Text-to-region grounding data:
━━━━
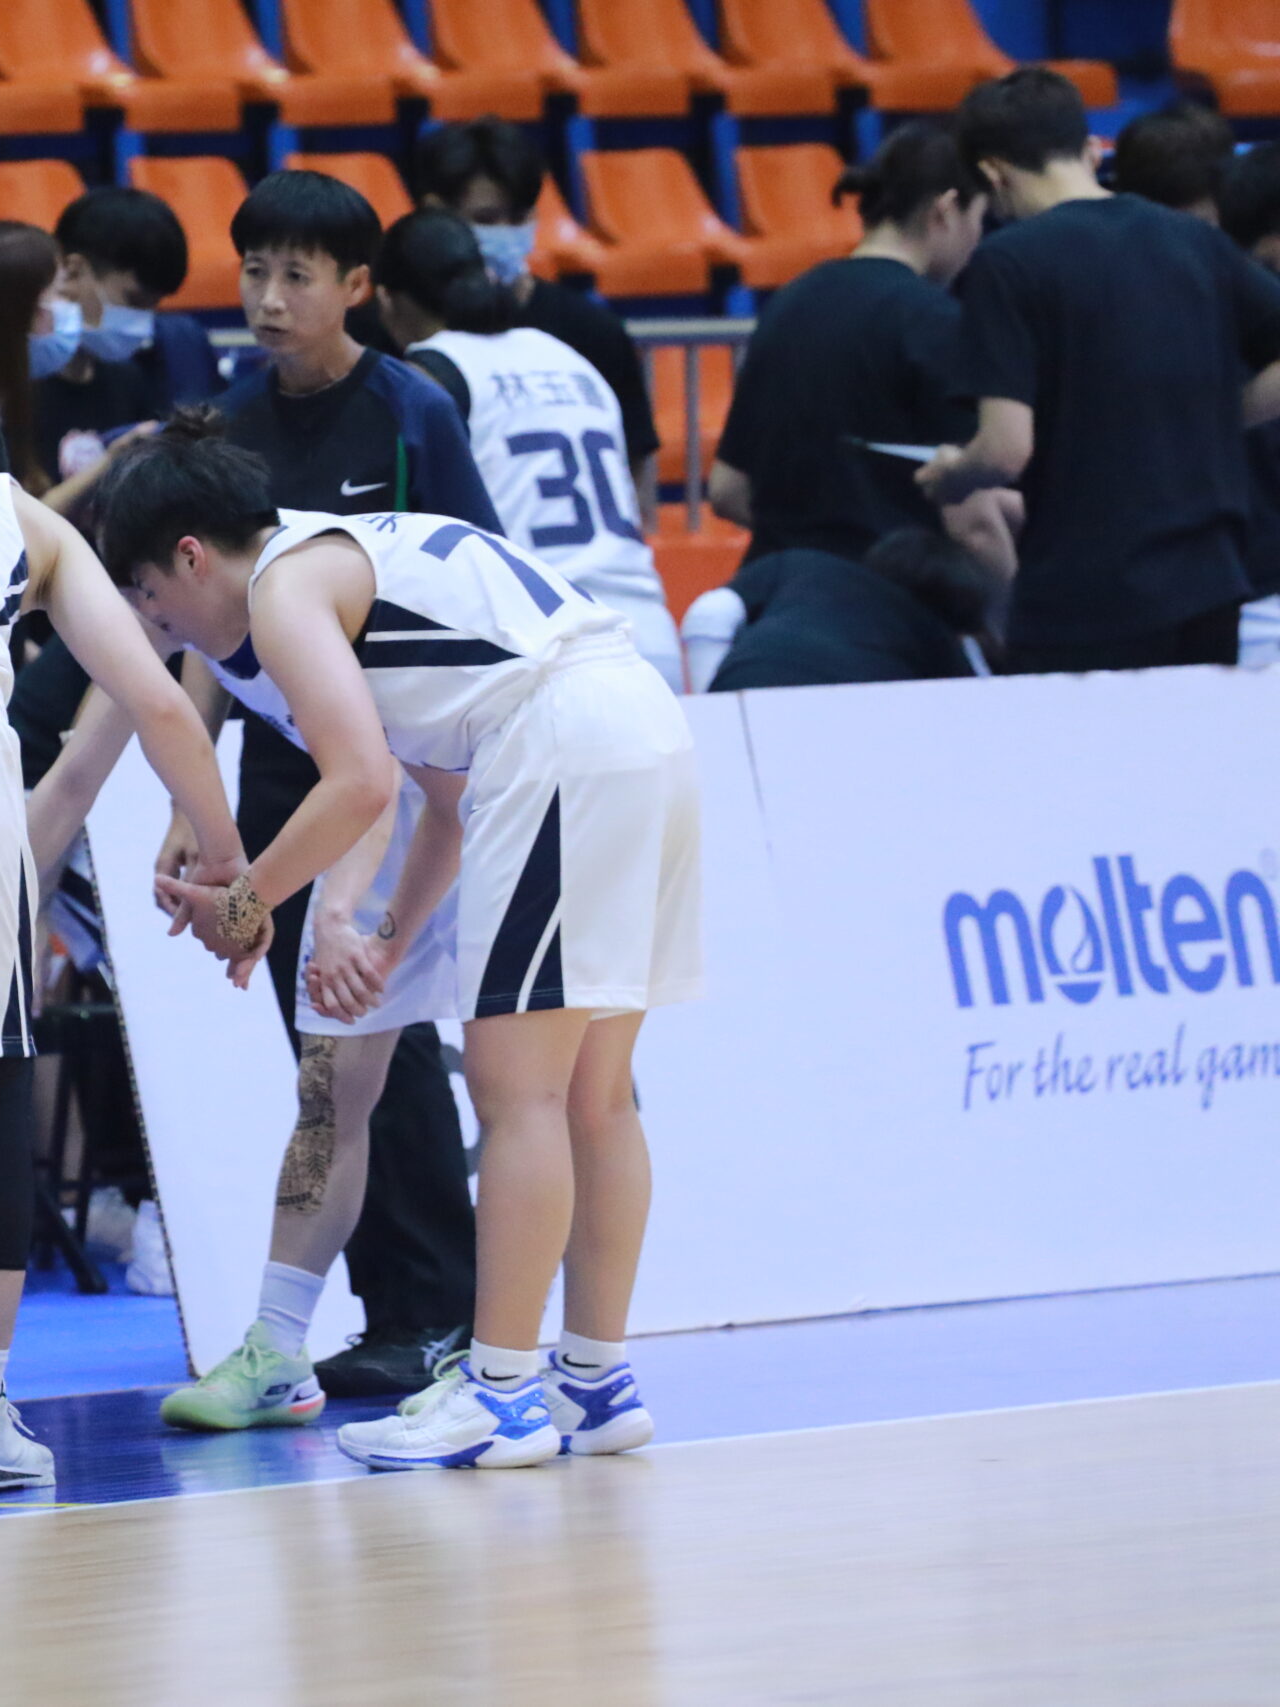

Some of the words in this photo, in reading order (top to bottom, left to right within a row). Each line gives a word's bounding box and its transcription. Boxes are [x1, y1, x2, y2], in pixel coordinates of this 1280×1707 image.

[505, 429, 644, 549] 30
[420, 523, 594, 618] 7
[943, 854, 1280, 1008] molten
[963, 1040, 1024, 1111] For
[1032, 1031, 1096, 1098] the
[1105, 1021, 1186, 1092] real
━━━━
BRIEF: Repeat the lines above exactly, and keep every picture out.

ANSWER BOX:
Some of the words in this photo, in reading order (top to bottom, left to right within a row). Each line gives a word's bounding box and its transcription. Boxes are [x1, y1, x2, y2], in pixel coordinates of this 1280×1707 image.

[505, 429, 644, 549] 30
[420, 523, 594, 618] 7
[943, 854, 1280, 1008] molten
[963, 1040, 1024, 1111] For
[1032, 1031, 1096, 1098] the
[1105, 1021, 1186, 1092] real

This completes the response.